Mental illness is more prevalent than you might think. The odds are that you may have even experienced a bout of a mental health condition. According to the National Alliance on Mental Illness (NAMI), at least one in five adults in the United States experience mental illness in any given year, while one in 25 experience a serious mental illness that substantially limits their life.1 Despite this prevalence, those suffering emotional torments are often self-conscious and fearful that people might view them as ‘not normal.’ That self-consciousness can lead to feeling too stigmatized to seek help.

That reluctance is amplified when someone, whether intentionally or by accident, uses a phrase that perpetuates a view of mental illness as shameful or tiresome rather than something that a large portion of humanity experiences.

Here is what NEVER to say when talking to someone suffering from mental illness.

1) STOP ACTING CRAZY

DITTO: Don’t be insane! or You are seriously unhinged

The phrase might be tossed off thoughtlessly, not intended to cause pain. But the result is acid on a scar to someone who already feels ‘less than’ due to an illness that is rarely viewed with the respect or understanding given to a person with a physical ailment. Uttering “stop acting crazy” trivializes the very real torment faced by a person with mental illness.

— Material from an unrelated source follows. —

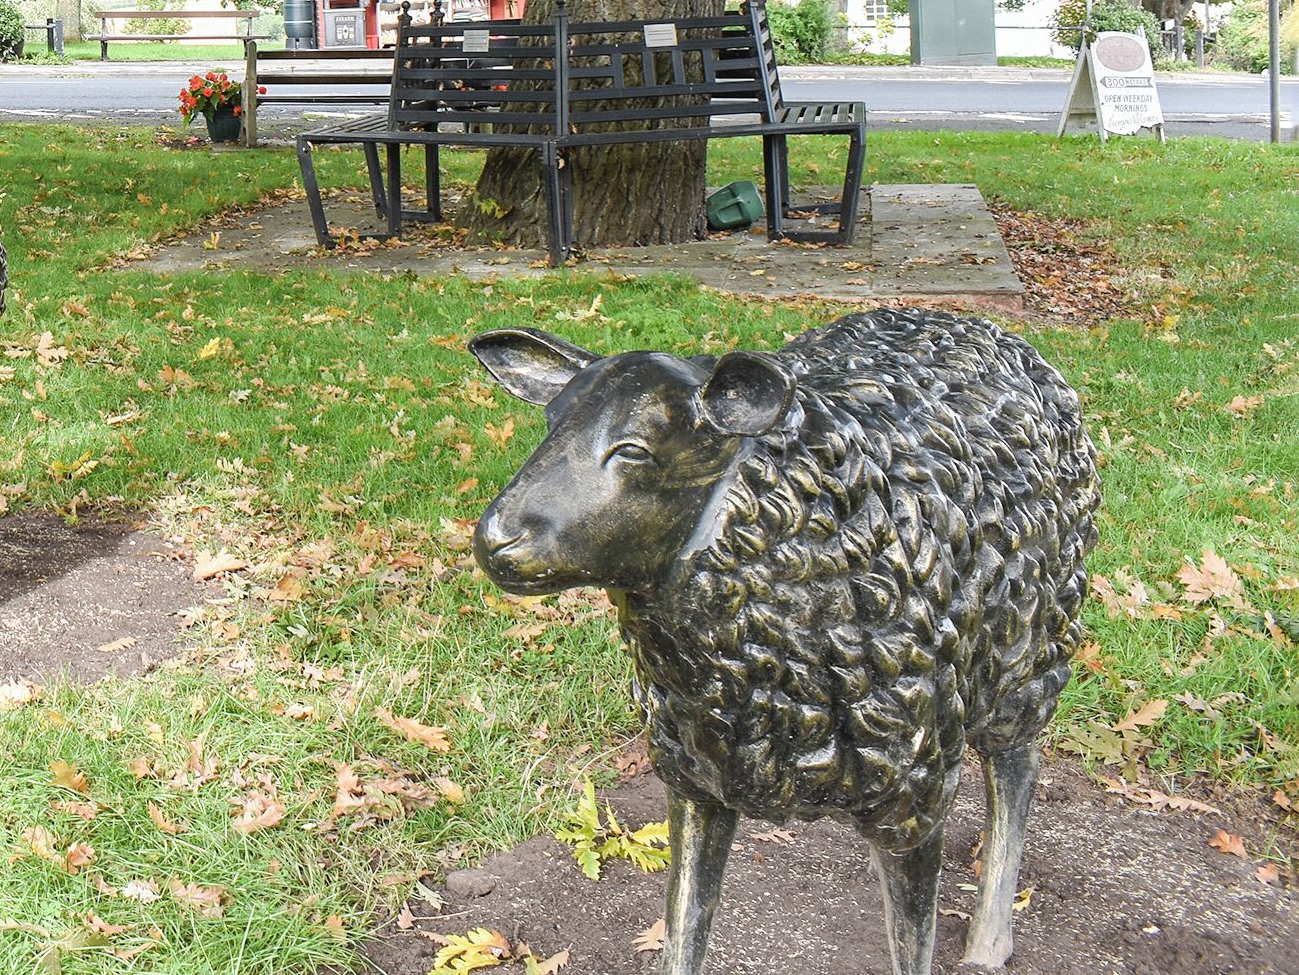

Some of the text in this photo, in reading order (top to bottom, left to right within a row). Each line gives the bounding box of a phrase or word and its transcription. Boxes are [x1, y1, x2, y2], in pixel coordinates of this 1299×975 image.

[1107, 78, 1125, 87] 300
[1104, 94, 1153, 103] OPEN WEEKDAY
[1114, 104, 1148, 113] MORNINGS
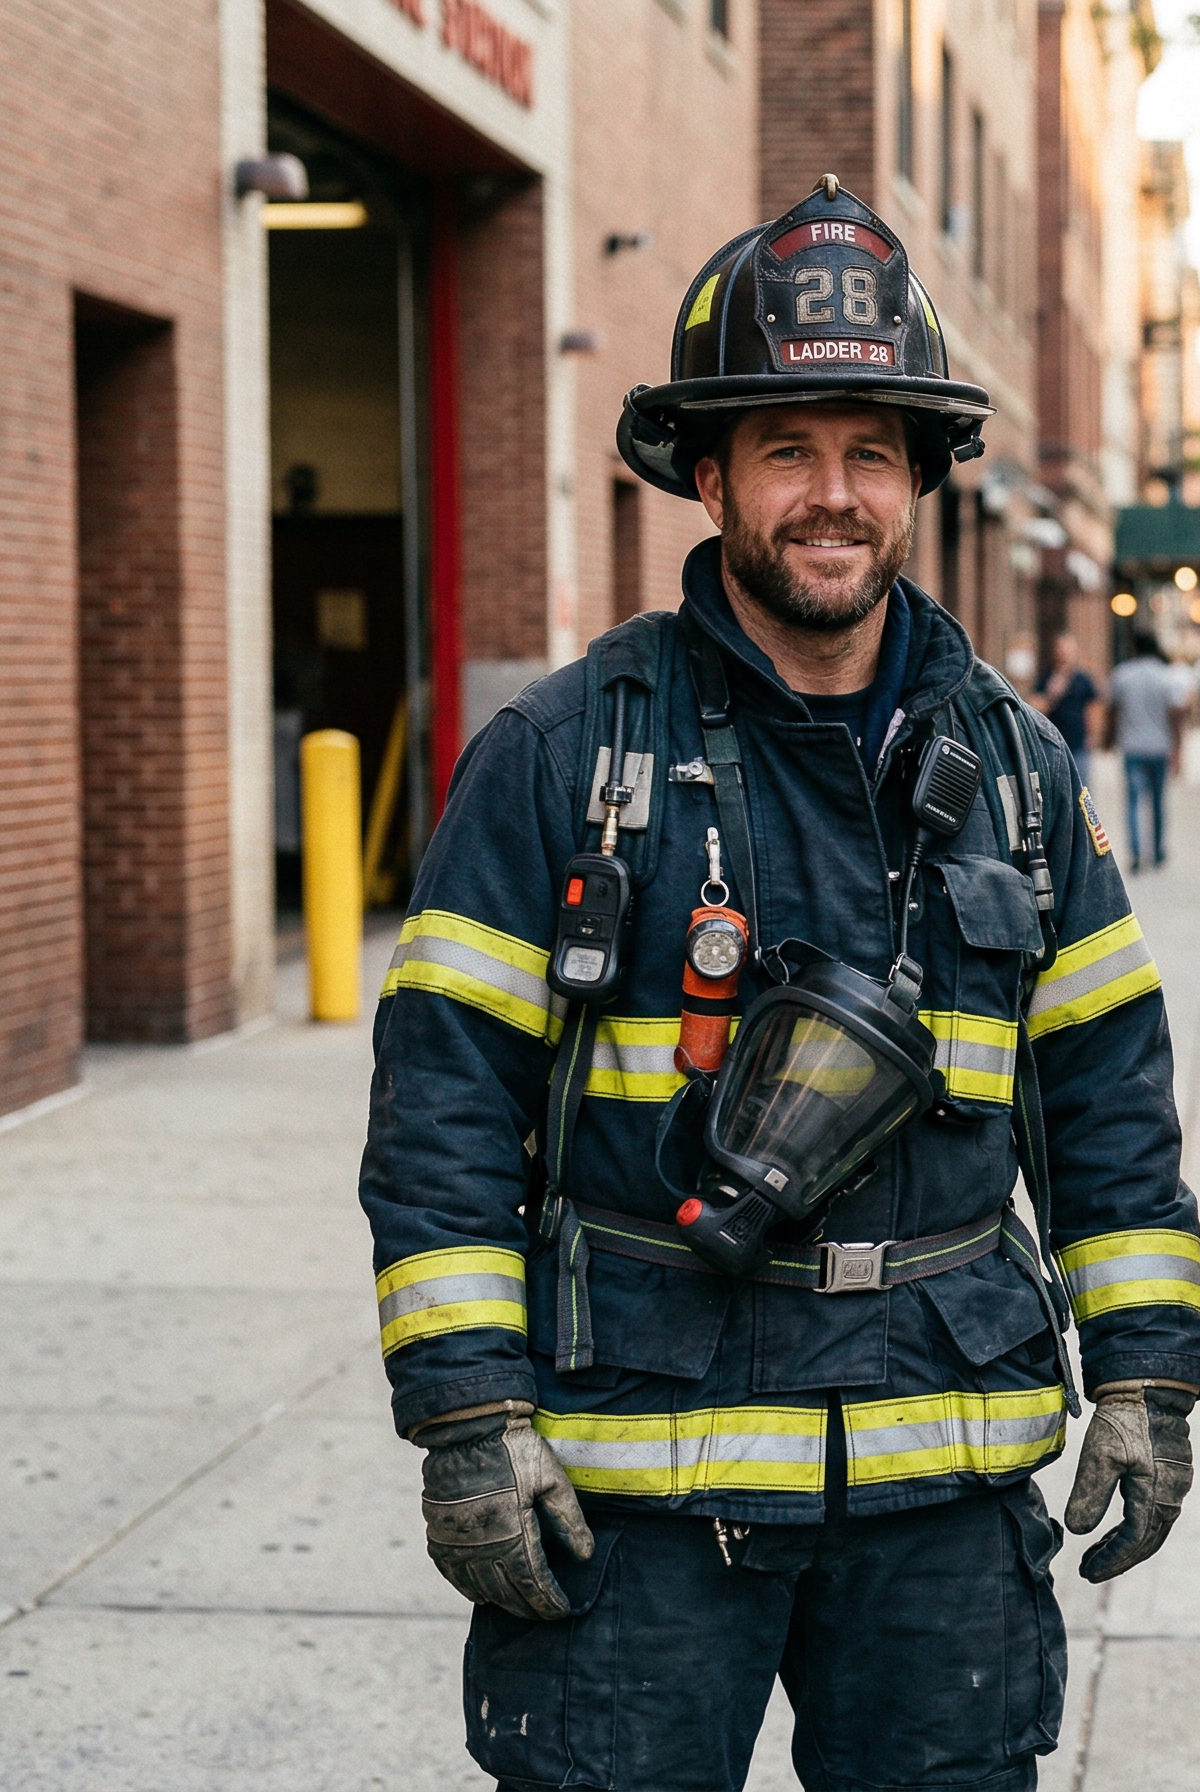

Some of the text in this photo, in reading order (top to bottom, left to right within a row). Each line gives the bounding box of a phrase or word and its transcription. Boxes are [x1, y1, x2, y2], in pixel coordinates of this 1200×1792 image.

Eliminating ableist words such as “crazy” or “insane” is a small but vital way to reduce the stigmatizing impact of such language.

SUBSTITUTE

Rather than scoffing, “Terri, you are so crazy!” be specific about the behavior you find objectionable: “Terri, when you don’t clean up after your kids or your dog, the place gets messy and smelly.”  Additionally, be specific when describing positive experiences such as a concert or movie you enjoyed. For example, try using language like, “Black Panther was stereotype-busting” or “Justin Bieber’s show was electrifying.”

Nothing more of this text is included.